Copy each line below in which the word "game" occurs.

(Spatial localization data)
#####

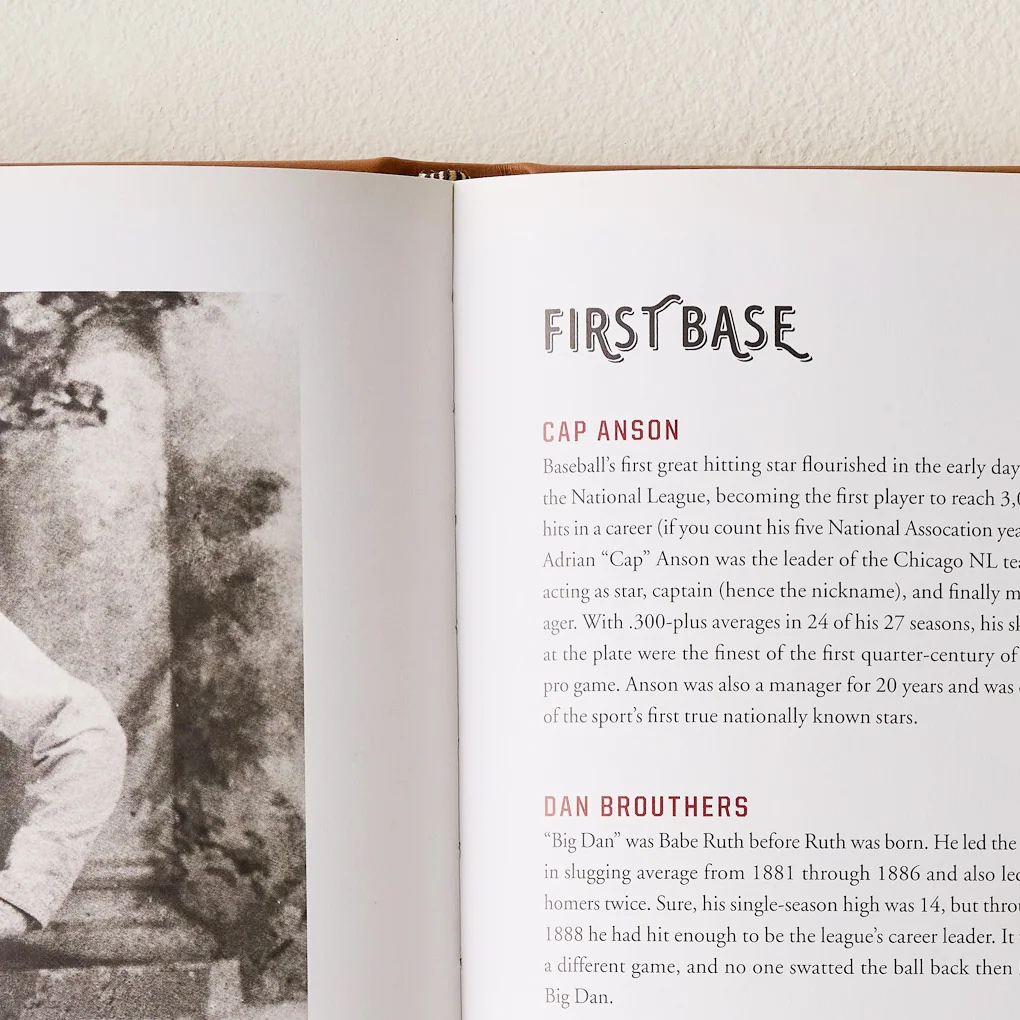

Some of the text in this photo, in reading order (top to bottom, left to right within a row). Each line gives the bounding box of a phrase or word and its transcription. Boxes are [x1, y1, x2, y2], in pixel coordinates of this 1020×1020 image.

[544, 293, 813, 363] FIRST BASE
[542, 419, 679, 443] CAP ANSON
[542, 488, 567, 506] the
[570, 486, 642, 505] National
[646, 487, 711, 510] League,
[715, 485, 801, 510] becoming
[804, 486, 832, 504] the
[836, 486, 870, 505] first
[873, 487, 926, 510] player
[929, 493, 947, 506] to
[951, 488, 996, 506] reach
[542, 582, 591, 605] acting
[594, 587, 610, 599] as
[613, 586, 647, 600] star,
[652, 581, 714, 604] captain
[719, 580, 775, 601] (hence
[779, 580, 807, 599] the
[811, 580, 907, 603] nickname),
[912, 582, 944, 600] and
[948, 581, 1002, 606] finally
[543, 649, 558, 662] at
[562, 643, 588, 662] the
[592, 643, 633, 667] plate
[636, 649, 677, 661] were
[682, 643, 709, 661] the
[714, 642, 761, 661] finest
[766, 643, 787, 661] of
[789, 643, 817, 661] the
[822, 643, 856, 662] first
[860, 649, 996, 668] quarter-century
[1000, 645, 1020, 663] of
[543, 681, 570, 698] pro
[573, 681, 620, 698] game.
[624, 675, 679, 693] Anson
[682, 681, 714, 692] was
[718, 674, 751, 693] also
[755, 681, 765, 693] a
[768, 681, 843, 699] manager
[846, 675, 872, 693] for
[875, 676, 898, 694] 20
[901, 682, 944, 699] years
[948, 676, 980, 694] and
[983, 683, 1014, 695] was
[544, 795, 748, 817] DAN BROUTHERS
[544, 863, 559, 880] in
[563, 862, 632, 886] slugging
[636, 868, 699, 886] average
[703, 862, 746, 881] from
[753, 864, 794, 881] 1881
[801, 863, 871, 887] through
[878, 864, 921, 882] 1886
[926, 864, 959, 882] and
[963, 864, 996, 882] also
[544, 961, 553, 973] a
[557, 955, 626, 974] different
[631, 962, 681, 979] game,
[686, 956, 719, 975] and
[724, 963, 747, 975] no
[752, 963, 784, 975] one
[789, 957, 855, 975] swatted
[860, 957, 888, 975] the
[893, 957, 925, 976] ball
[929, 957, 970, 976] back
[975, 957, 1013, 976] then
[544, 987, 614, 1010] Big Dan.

#####

▸ Output of the task:
[573, 681, 620, 698] game.
[631, 962, 681, 979] game,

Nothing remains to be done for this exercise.